▸ REQUIRED ACTION: Return exactly the lines that run from the one containing "Some of the words" to the end of the entries, with both ends included.

***** INPUT MATERIAL

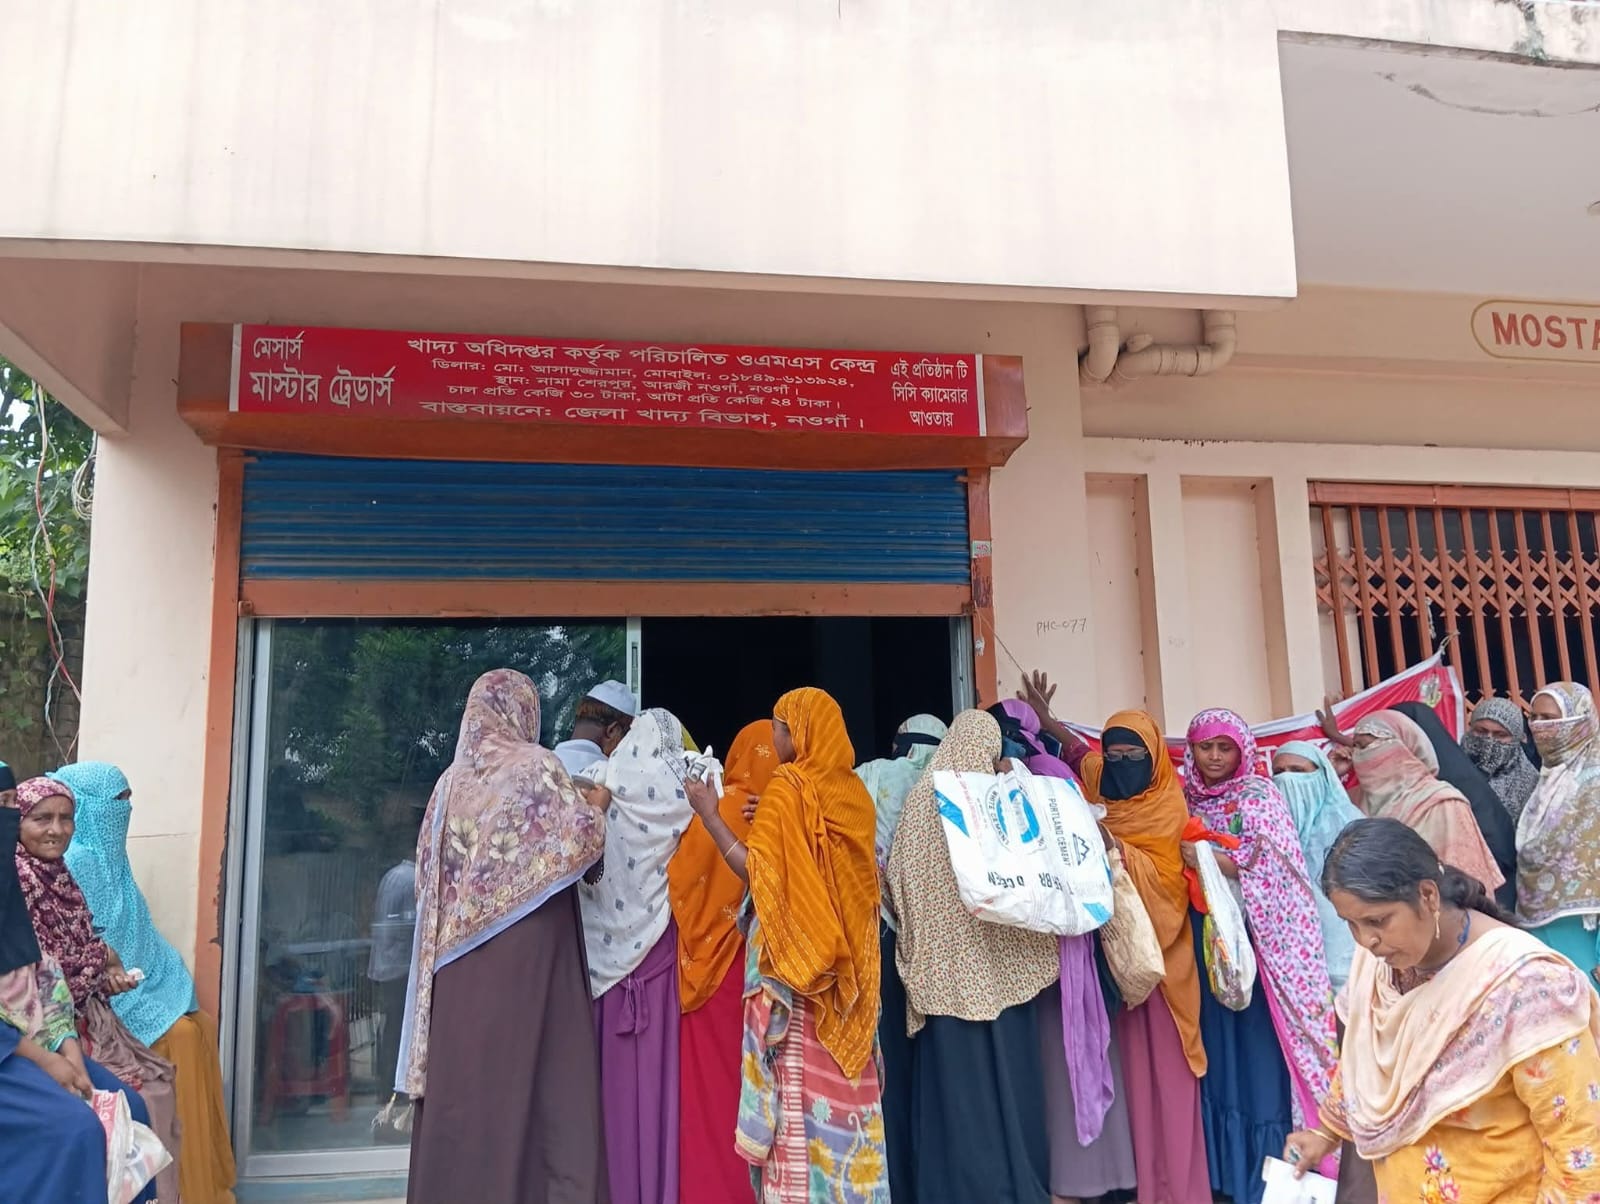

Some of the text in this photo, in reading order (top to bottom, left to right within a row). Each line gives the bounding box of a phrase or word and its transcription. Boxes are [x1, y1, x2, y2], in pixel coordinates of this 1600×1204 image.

[253, 330, 305, 360] মেসার্স
[408, 338, 878, 374] খাদ্য অধিদপ্তর কর্তৃক পরিচালিত ওএমএস কেন্দ্র
[891, 358, 909, 379] এই
[912, 358, 954, 380] প্রতিষ্ঠান
[249, 362, 396, 408] মাস্টার ট্রেডার্স
[536, 377, 570, 387] নামা
[642, 380, 691, 392] আরজী
[892, 381, 968, 404] সিসি ক্যামেরার
[447, 385, 478, 396] চাল
[482, 386, 518, 397] প্রতি
[523, 386, 565, 399] কেজি
[570, 391, 594, 399] ৩০
[647, 392, 682, 403] আটা
[688, 392, 721, 405] প্রতি
[725, 394, 765, 406] কেজি
[771, 397, 791, 407] ২৪
[564, 406, 630, 420] জেলা
[637, 407, 691, 423] খাদ্য
[699, 408, 777, 427] বিভাগ,
[909, 410, 954, 427] আওতায়
[1048, 798, 1065, 836] PORTLAND
[1057, 836, 1072, 867] CEMENT
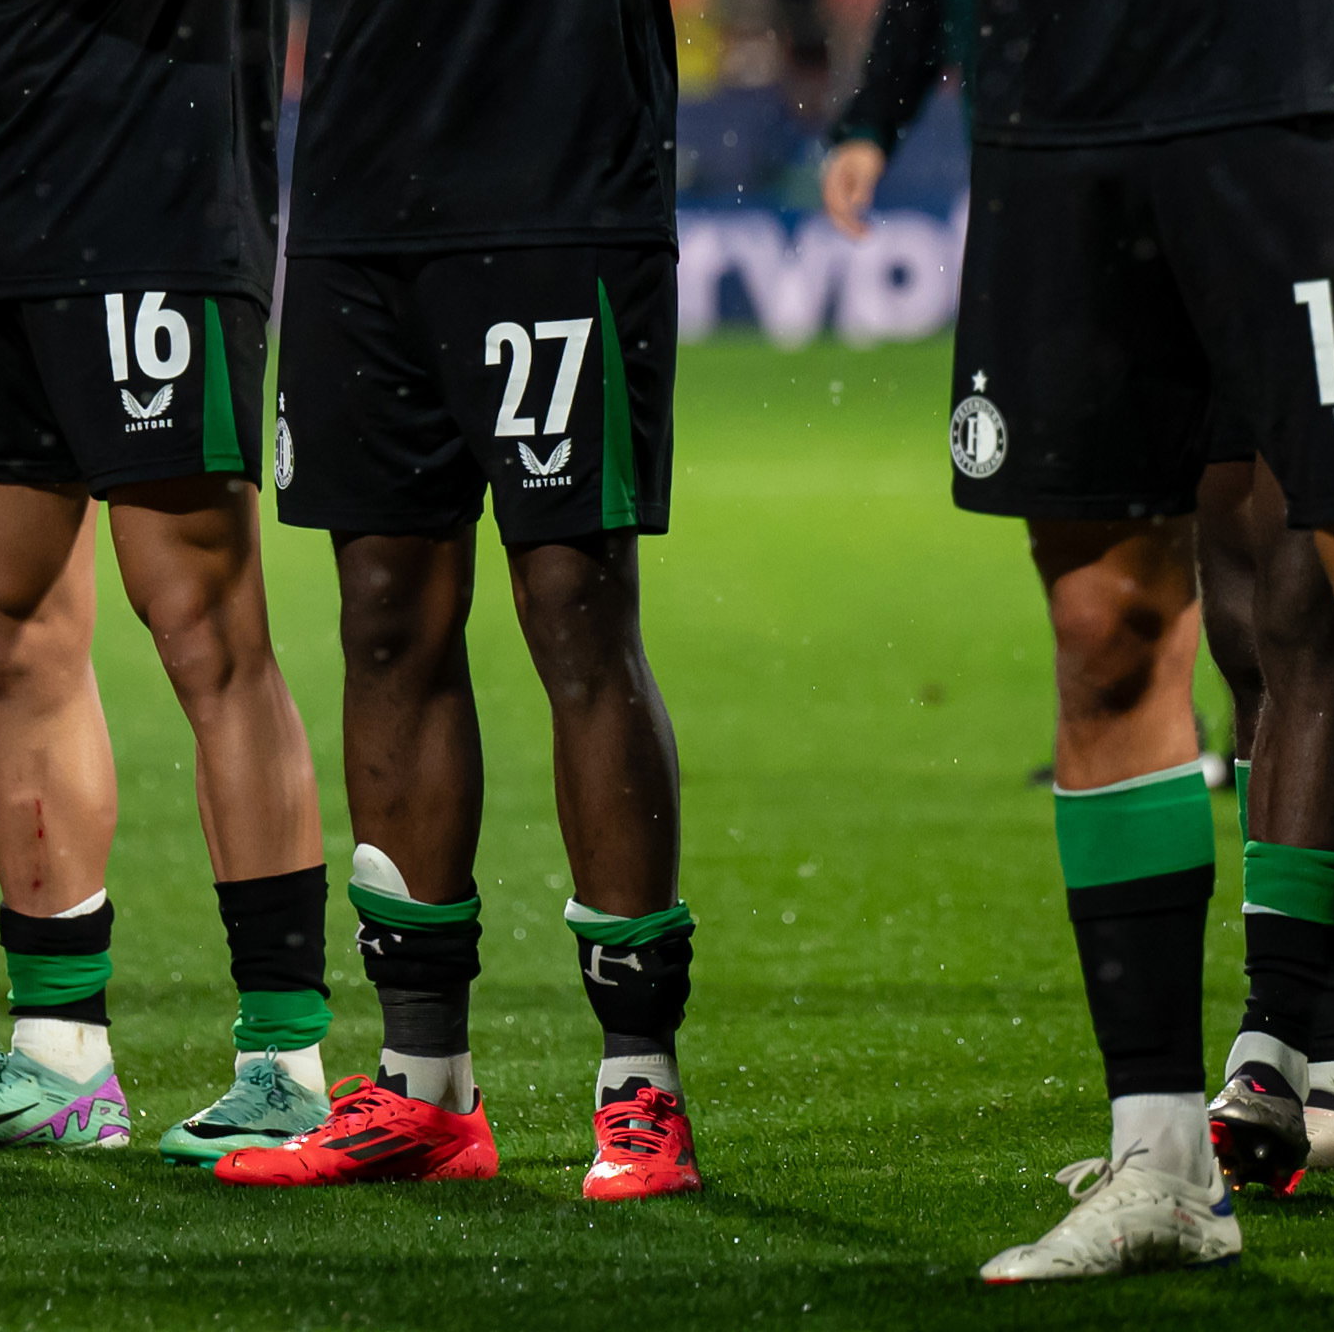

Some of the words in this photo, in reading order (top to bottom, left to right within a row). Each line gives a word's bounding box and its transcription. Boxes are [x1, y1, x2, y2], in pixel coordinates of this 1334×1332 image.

[105, 291, 191, 382] 16
[484, 318, 594, 437] 27
[125, 418, 174, 433] CASTORE
[522, 475, 572, 489] CASTORE

**********

▸ ANSWER:
Some of the words in this photo, in reading order (top to bottom, left to right within a row). Each line gives a word's bounding box and its transcription. Boxes are [x1, y1, x2, y2], in pixel coordinates of this 1334×1332 image.

[105, 291, 191, 382] 16
[484, 318, 594, 437] 27
[125, 418, 174, 433] CASTORE
[522, 475, 572, 489] CASTORE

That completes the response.